About this task ::
Locate the line with "this 1250×1875 image." in the material. Copy that line and each one after it, through the last, exactly and with nothing else.

Provided entries ::

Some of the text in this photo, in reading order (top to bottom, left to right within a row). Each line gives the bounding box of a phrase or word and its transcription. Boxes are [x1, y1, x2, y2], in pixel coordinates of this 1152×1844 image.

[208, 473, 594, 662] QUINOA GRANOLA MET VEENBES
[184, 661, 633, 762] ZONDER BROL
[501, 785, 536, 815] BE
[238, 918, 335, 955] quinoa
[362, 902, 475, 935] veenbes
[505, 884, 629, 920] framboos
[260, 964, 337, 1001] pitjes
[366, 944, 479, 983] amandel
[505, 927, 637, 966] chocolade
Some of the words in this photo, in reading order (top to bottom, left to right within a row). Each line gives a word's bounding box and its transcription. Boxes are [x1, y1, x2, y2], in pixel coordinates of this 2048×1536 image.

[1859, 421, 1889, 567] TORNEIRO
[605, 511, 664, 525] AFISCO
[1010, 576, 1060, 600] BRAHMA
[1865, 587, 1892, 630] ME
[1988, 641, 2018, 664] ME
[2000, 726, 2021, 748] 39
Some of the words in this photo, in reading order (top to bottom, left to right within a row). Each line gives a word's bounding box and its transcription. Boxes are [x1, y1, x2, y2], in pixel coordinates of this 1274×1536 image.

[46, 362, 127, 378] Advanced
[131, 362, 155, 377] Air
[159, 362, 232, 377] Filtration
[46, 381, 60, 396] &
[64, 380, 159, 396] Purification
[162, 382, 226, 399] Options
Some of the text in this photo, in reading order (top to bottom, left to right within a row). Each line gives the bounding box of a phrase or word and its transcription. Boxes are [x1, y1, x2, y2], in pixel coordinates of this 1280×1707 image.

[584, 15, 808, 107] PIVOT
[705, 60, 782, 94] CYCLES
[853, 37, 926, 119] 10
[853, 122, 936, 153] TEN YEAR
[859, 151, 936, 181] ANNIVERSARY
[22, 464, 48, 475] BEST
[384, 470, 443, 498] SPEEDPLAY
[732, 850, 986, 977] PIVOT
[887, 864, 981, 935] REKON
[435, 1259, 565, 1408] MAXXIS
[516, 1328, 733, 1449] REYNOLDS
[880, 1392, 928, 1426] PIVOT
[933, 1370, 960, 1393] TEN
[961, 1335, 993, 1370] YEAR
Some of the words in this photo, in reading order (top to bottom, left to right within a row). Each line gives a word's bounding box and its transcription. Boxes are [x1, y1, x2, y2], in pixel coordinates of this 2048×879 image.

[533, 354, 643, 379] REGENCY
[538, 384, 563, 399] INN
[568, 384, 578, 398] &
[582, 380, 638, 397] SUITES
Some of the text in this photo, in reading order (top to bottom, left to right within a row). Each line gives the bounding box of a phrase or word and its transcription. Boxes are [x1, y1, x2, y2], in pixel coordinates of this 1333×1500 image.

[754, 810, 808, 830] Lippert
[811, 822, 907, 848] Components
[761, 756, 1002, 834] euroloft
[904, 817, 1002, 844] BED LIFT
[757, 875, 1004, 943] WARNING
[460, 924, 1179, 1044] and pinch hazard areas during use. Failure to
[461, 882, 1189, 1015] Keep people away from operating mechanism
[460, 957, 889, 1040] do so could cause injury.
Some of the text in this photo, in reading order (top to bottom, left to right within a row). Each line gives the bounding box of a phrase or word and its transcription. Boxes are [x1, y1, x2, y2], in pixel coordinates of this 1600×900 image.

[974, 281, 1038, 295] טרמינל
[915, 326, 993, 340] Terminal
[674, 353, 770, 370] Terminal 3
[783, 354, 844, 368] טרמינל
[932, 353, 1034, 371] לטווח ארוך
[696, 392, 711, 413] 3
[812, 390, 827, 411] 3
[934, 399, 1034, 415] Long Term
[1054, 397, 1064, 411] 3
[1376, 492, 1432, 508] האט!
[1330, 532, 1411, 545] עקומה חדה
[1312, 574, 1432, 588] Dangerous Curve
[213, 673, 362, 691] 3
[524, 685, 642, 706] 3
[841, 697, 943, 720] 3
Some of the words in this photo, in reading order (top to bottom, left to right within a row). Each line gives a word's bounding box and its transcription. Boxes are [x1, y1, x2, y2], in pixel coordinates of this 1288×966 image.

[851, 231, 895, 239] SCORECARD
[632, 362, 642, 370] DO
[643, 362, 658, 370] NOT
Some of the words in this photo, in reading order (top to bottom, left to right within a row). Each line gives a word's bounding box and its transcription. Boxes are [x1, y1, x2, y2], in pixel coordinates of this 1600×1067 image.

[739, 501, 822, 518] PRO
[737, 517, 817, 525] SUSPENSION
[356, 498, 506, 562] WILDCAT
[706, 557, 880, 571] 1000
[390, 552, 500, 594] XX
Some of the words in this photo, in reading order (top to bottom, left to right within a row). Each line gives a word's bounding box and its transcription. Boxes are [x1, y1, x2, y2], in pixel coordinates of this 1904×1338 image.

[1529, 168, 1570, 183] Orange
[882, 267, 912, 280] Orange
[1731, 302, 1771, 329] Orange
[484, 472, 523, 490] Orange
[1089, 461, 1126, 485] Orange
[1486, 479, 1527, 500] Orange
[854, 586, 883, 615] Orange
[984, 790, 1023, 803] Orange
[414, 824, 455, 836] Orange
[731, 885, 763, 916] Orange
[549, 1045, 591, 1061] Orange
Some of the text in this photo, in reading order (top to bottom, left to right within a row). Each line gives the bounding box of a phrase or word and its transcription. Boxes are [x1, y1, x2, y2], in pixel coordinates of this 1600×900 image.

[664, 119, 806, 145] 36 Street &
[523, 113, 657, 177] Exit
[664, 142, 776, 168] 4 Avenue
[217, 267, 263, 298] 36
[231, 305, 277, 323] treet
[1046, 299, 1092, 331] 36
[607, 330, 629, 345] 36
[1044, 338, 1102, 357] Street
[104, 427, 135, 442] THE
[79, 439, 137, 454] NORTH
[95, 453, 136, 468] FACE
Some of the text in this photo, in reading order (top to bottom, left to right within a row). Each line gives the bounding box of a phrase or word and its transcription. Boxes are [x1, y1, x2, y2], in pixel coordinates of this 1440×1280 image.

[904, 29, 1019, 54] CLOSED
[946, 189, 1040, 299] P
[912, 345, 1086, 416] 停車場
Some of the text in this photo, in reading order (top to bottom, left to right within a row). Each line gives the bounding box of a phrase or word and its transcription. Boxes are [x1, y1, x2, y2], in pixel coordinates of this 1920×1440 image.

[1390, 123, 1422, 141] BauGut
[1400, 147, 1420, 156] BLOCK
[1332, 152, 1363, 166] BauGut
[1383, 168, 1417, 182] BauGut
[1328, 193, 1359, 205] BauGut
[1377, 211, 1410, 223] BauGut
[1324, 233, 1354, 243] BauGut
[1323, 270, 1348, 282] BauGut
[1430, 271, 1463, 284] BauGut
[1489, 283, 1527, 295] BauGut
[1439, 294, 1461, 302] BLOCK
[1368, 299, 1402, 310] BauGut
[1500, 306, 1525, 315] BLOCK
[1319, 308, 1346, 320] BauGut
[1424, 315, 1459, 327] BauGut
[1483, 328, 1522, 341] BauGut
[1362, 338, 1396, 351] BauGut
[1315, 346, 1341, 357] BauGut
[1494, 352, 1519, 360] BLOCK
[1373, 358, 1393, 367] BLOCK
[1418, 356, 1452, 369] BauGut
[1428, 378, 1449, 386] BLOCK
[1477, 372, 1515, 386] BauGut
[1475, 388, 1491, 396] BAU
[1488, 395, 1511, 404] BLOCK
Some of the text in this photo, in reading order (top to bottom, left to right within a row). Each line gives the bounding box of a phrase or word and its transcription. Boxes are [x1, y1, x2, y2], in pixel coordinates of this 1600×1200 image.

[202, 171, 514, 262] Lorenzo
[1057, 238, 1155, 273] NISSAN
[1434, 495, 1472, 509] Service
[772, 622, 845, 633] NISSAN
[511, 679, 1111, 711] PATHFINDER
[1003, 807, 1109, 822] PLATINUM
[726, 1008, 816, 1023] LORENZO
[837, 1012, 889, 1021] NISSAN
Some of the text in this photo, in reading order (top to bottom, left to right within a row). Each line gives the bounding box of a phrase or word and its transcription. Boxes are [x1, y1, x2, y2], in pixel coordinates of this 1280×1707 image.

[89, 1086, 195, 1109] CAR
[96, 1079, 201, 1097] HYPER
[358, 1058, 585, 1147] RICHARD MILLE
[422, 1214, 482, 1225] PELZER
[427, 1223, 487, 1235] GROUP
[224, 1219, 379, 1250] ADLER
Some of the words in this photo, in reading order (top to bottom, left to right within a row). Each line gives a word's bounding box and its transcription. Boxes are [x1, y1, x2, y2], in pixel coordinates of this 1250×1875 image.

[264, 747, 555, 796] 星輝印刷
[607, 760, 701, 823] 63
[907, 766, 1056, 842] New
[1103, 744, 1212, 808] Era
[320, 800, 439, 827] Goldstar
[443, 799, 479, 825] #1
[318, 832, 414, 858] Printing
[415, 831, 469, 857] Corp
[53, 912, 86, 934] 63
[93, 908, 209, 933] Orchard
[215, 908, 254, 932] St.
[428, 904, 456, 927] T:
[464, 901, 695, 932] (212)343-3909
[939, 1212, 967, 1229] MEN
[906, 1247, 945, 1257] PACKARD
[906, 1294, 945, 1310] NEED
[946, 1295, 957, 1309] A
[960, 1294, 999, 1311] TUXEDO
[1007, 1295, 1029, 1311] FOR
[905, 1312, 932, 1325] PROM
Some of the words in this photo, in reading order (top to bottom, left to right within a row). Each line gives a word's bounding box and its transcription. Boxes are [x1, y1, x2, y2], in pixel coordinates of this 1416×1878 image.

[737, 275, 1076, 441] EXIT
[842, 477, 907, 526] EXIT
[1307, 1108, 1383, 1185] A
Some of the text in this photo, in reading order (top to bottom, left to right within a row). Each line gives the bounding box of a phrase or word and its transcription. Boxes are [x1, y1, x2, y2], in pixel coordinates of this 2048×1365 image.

Your solution ::
Some of the words in this photo, in reading order (top to bottom, left to right within a row). Each line gives a word's bounding box and its transcription. Boxes are [x1, y1, x2, y2], in pixel coordinates of this 1250×1875 image.

[264, 747, 555, 796] 星輝印刷
[607, 760, 701, 823] 63
[907, 766, 1056, 842] New
[1103, 744, 1212, 808] Era
[320, 800, 439, 827] Goldstar
[443, 799, 479, 825] #1
[318, 832, 414, 858] Printing
[415, 831, 469, 857] Corp
[53, 912, 86, 934] 63
[93, 908, 209, 933] Orchard
[215, 908, 254, 932] St.
[428, 904, 456, 927] T:
[464, 901, 695, 932] (212)343-3909
[939, 1212, 967, 1229] MEN
[906, 1247, 945, 1257] PACKARD
[906, 1294, 945, 1310] NEED
[946, 1295, 957, 1309] A
[960, 1294, 999, 1311] TUXEDO
[1007, 1295, 1029, 1311] FOR
[905, 1312, 932, 1325] PROM
Some of the words in this photo, in reading order (top to bottom, left to right within a row). Each line gives a word's bounding box and its transcription. Boxes are [x1, y1, x2, y2], in pixel coordinates of this 1416×1878 image.

[737, 275, 1076, 441] EXIT
[842, 477, 907, 526] EXIT
[1307, 1108, 1383, 1185] A
Some of the text in this photo, in reading order (top to bottom, left to right within a row). Each line gives the bounding box of a phrase or word and its transcription. Boxes are [x1, y1, x2, y2], in pixel coordinates of this 2048×1365 image.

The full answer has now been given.